__Exercise__. Would you please copy the entries exactly, leaving every picture aside?
::: Input for this task :::
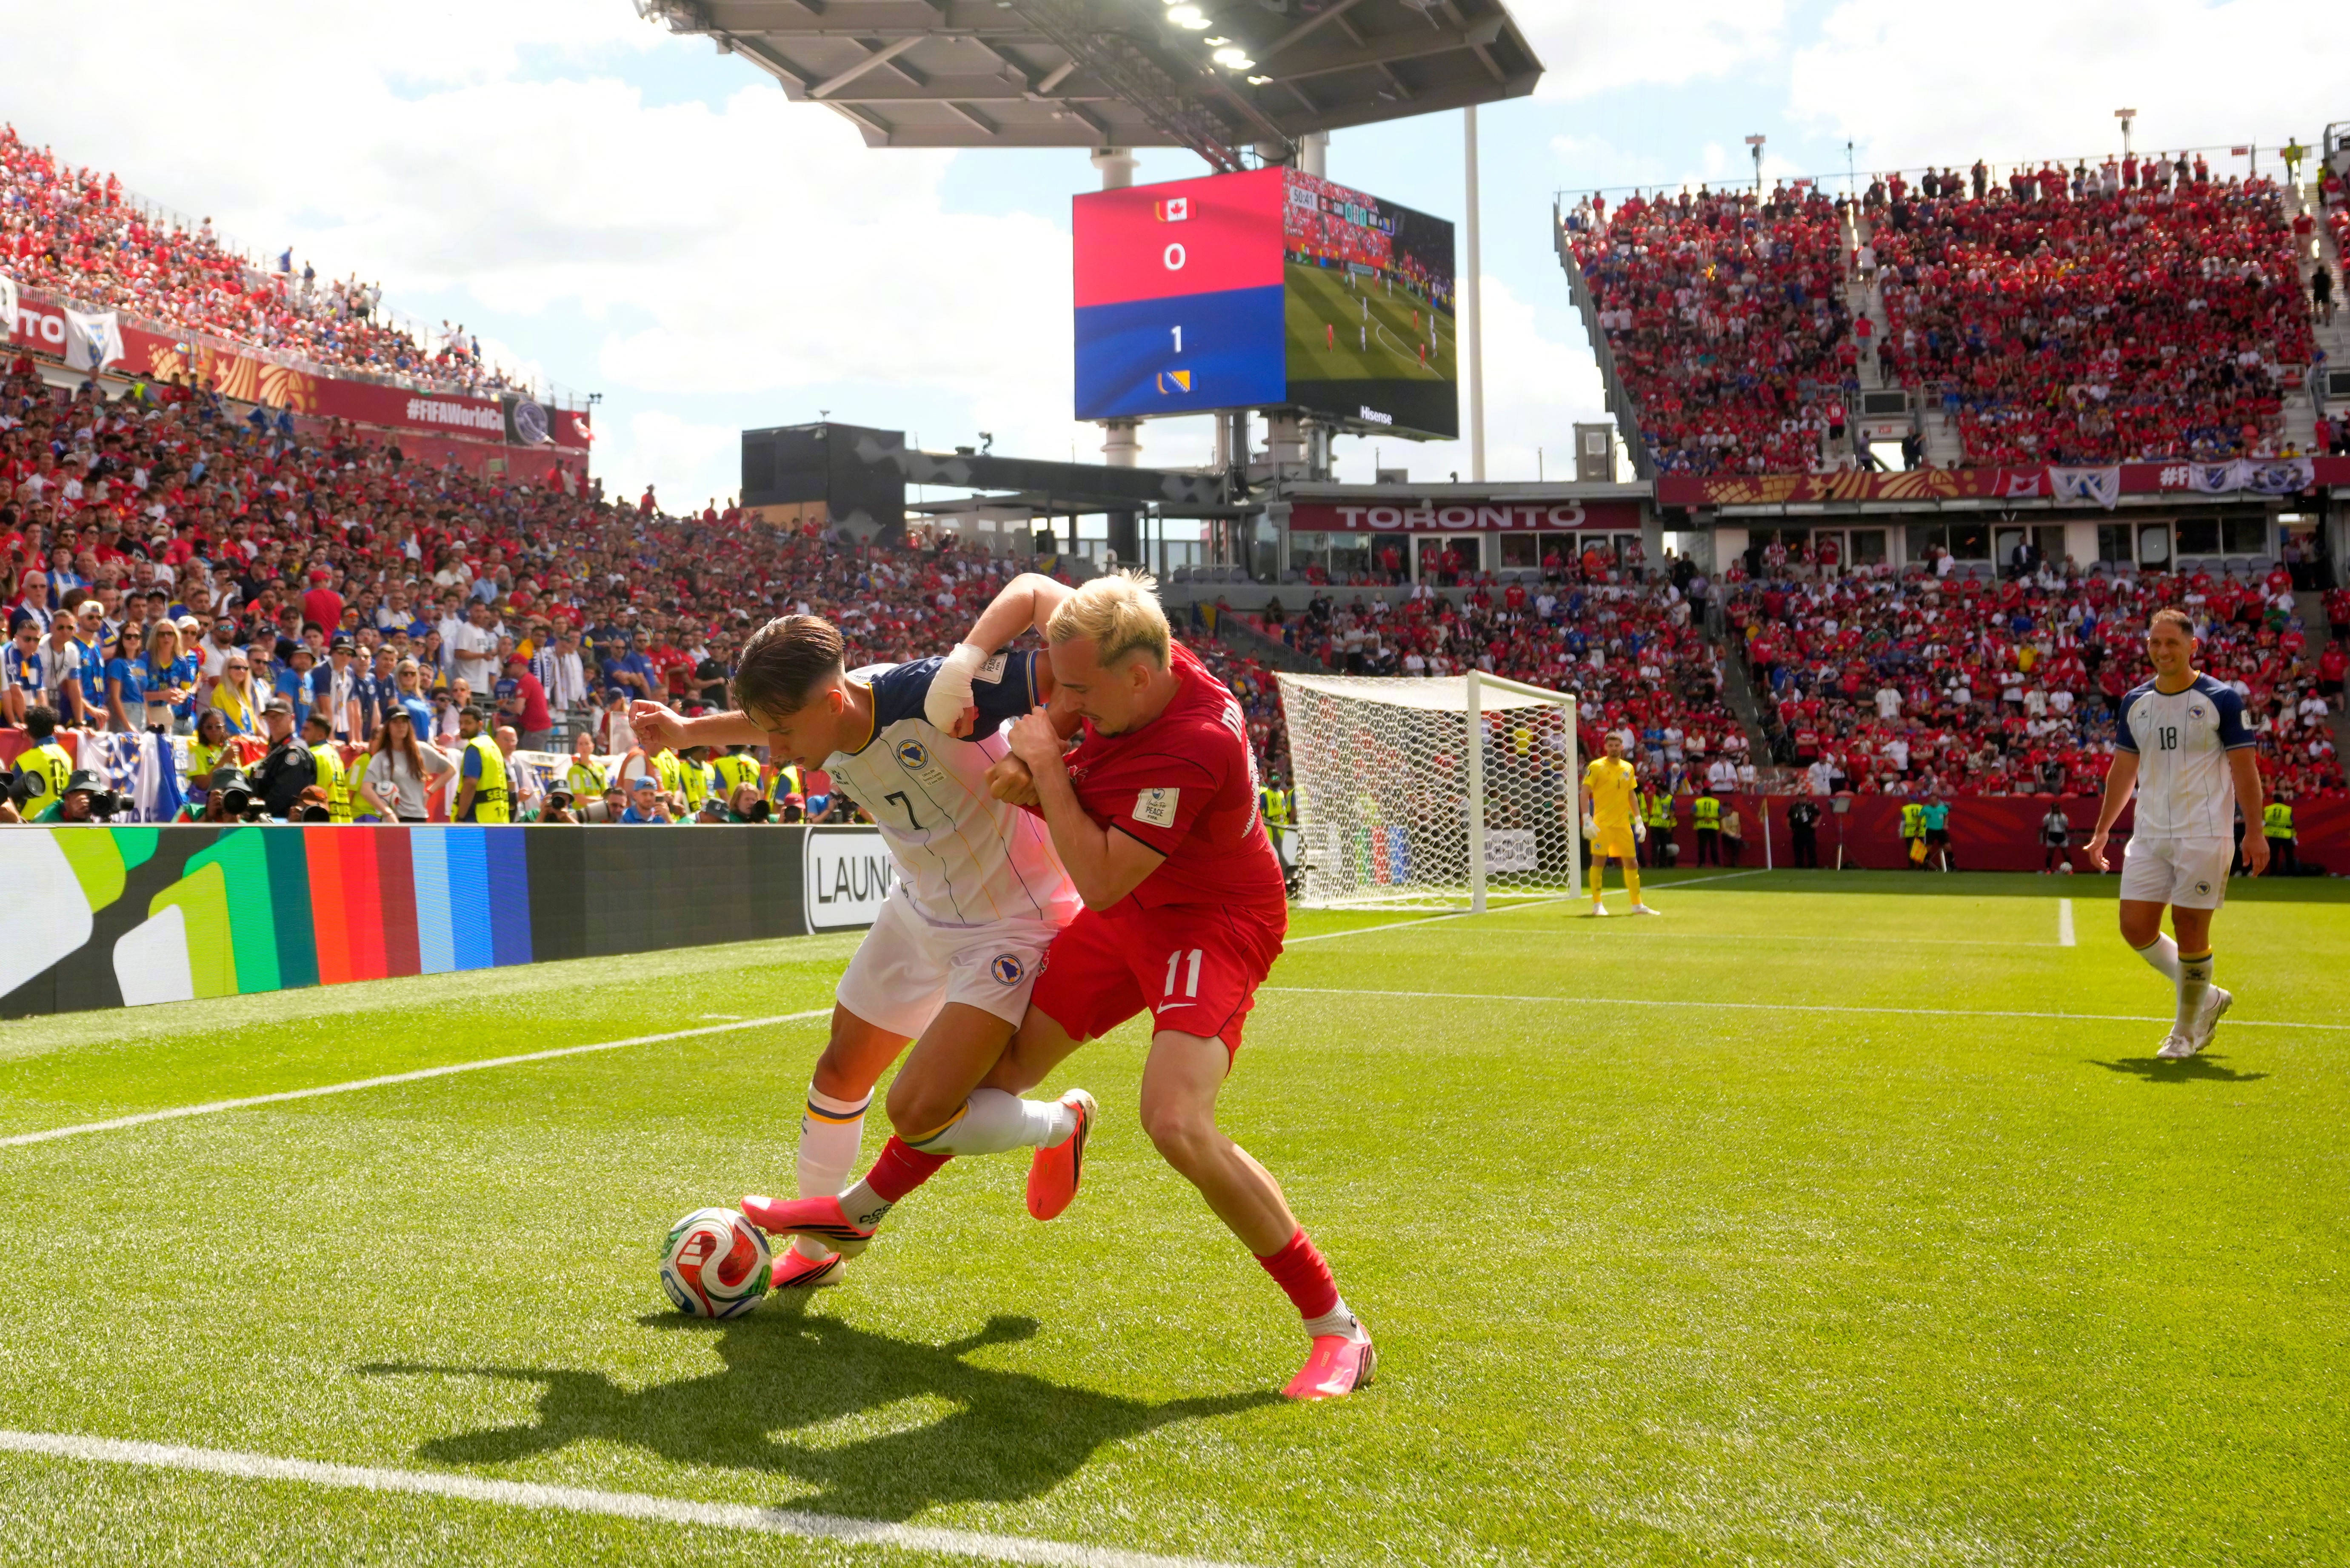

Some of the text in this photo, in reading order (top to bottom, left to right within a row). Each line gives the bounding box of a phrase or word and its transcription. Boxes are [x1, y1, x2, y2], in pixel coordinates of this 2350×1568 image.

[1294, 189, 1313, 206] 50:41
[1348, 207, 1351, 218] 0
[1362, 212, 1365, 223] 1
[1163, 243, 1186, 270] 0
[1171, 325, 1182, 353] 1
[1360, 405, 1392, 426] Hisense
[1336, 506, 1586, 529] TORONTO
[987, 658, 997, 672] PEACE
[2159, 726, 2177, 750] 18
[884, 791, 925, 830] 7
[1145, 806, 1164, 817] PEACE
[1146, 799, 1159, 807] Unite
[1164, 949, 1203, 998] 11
:::
__Written response__.
Some of the text in this photo, in reading order (top to bottom, left to right within a row). Each line gives the bounding box of a phrase or word and its transcription. Boxes are [x1, y1, x2, y2], in pixel coordinates of this 2350×1568 image.

[1294, 189, 1313, 206] 50:41
[1348, 207, 1351, 218] 0
[1362, 212, 1365, 223] 1
[1163, 243, 1186, 270] 0
[1171, 325, 1182, 353] 1
[1360, 405, 1392, 426] Hisense
[1336, 506, 1586, 529] TORONTO
[987, 658, 997, 672] PEACE
[2159, 726, 2177, 750] 18
[884, 791, 925, 830] 7
[1145, 806, 1164, 817] PEACE
[1146, 799, 1159, 807] Unite
[1164, 949, 1203, 998] 11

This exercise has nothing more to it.